Il busto, come molte delle sculture conservate nel Museo Archeologico di Venezia provenienti da collezioni cinquecentesche, mostra gli effetti di ripetuti interventi di pulitura, generalmente condotti con trattamenti aggressivi. Questi interventi hanno reso le superfici di marmo a grana fine particolarmente permeabili e disgregate, permettendo allo sporco di penetrare e macchiarle in profondità, spesso irreparabilmente. In questo caso specifico, sotto un velo grigiastro di polveri relativamente recenti e sotto un film di cera gialla risalente a un precedente restauro, sono individuabili macchie di varia entità distribuite soprattutto sulle spalle, sulla parte bassa delle guance e sul collo. Le superfici sono state rilavorate in età moderna, come si avverte dall’accentuazione delle rughe, dalla riduzione del busto e dalla levigatezza della zona di contiguità delle due superfici all’altezza della frattura tra testa e busto, risultato forse di uno spianamento finalizzato a far collimare testa e collo che erano staccati e sono stati riattaccati. Sotto una stuccatura recente si può individuare la modalità di giunzione tra testa e collo, effettuata con l’utilizzo di una resina vegetale (colofonia) e di un probabile perno in ferro alloggiato all’interno.

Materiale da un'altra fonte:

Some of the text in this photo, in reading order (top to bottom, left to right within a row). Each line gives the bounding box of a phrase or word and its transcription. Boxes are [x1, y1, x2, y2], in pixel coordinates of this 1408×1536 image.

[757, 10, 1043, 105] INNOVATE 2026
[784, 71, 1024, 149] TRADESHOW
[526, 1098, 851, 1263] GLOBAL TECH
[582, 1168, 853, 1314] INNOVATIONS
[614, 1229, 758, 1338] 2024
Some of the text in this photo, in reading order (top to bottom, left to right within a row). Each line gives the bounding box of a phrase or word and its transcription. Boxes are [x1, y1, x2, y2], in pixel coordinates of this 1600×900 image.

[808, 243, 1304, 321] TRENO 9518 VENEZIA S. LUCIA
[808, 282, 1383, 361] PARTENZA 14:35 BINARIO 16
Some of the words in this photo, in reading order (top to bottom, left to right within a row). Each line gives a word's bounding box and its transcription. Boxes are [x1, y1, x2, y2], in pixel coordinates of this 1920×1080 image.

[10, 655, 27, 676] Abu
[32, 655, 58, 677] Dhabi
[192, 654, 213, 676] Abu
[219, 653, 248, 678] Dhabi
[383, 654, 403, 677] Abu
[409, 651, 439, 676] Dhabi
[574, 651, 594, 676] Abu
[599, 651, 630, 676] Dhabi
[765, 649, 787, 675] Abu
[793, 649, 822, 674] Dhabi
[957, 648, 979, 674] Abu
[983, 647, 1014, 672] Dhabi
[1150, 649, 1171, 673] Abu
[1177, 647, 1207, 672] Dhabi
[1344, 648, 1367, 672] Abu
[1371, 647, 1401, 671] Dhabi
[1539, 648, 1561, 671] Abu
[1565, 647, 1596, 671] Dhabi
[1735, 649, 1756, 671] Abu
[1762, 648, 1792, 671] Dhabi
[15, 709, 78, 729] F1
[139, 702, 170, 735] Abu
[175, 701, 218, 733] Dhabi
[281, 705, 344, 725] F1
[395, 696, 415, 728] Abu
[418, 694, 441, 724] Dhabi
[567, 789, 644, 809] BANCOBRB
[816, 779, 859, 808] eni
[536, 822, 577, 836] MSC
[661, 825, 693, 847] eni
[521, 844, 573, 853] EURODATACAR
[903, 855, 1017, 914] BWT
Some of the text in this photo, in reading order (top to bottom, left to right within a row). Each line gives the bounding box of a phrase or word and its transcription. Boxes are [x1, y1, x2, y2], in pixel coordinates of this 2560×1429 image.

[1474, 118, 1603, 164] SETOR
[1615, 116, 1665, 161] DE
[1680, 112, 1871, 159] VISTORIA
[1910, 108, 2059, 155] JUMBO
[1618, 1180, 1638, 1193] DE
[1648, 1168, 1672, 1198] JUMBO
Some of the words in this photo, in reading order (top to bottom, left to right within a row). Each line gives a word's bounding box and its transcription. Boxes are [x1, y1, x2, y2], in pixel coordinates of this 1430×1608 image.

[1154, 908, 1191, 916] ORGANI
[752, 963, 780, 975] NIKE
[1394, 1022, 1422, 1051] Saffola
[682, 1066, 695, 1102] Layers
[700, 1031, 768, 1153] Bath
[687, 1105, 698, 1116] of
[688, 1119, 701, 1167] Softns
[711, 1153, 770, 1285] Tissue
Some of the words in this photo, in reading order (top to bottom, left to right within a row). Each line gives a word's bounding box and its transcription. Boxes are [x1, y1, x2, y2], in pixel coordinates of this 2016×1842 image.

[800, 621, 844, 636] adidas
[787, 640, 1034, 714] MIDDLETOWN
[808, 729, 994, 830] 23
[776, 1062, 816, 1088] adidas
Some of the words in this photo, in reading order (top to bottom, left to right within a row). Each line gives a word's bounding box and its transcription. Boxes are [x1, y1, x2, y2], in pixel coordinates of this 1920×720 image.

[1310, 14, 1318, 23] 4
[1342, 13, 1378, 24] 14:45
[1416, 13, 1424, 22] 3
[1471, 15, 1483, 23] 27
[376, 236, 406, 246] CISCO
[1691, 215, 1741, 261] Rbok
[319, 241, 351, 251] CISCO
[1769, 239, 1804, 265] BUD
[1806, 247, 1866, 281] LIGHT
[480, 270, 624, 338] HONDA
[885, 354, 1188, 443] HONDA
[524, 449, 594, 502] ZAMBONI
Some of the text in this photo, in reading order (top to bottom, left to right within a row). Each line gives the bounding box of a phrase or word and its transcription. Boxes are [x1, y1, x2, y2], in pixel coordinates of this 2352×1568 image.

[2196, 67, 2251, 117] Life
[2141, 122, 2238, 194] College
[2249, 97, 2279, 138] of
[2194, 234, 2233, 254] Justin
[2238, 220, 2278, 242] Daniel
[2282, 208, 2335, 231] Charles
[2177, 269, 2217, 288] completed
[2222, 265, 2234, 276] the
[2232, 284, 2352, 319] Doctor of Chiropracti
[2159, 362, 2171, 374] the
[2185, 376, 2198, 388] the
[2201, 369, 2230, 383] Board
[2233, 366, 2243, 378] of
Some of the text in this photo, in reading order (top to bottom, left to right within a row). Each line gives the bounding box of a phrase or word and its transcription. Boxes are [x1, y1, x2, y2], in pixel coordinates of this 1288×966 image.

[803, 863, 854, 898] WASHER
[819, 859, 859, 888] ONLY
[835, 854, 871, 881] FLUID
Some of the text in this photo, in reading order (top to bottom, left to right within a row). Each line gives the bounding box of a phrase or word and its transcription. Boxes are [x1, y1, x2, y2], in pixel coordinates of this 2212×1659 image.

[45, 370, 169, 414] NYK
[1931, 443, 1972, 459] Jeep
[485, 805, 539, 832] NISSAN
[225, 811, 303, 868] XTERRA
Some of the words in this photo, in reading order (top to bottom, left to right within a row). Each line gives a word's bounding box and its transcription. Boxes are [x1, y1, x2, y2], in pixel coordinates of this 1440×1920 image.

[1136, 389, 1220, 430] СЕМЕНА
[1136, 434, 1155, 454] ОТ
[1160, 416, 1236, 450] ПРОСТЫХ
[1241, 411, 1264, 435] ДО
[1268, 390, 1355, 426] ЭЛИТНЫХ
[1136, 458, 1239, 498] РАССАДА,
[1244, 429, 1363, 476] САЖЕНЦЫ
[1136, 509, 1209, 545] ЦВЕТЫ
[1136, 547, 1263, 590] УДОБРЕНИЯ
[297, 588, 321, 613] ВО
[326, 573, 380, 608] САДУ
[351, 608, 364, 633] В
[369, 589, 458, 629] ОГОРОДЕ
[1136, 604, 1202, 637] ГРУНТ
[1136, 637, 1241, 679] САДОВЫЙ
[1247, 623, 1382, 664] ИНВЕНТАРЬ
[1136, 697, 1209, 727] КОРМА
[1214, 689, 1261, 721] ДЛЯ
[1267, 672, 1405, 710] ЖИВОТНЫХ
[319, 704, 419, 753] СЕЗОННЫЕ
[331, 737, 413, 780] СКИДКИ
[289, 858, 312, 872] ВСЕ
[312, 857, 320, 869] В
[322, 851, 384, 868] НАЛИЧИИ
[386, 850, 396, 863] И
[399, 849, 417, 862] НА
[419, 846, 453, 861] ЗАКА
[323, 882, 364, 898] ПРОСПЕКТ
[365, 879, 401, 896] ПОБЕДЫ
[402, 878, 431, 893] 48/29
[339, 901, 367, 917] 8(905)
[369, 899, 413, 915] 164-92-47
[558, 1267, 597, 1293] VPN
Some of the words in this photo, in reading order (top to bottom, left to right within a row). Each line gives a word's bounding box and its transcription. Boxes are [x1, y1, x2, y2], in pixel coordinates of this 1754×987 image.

È stata inizialmente esclusa l’ipotesi del distacco delle due parti per il rischio di produrre danni al manufatto. Si è proceduto meccanicamente alla rimozione della vecchia stuccatura del film di cera con ripetute tamponature con cotone e tricloroetilene, e del protettivo sottostante con l’impiego di solventi organici. Il marmo è stato pulito con diverse applicazioni di impacchi di polpa di carta con una soluzione debolmente basica di bicarbonato d’ammonio e tensioattivo, seguiti da risciacqui di acqua deionizzata. Questa operazione ha attenuato ma non eliminato definitivamente le macchie, ormai troppo in profondità. Le concrezioni non solubili sono state rimosse con il bisturi. Dopo il rifacimento della stuccatura con polvere di marmo e resina acrilica in emulsione, il manufatto è stato consolidato con una soluzione a bassa concentrazione di resina acrilica. Infine si è steso un film protettivo di cera microcristallina.